Problem statement = Reproduce each entry exactly.

Supplied material =

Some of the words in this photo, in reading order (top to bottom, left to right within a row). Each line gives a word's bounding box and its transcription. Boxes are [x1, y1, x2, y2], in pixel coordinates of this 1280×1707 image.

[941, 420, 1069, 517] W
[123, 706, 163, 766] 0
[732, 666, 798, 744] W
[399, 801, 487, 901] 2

Reply =
Some of the words in this photo, in reading order (top to bottom, left to right within a row). Each line gives a word's bounding box and its transcription. Boxes are [x1, y1, x2, y2], in pixel coordinates of this 1280×1707 image.

[941, 420, 1069, 517] W
[123, 706, 163, 766] 0
[732, 666, 798, 744] W
[399, 801, 487, 901] 2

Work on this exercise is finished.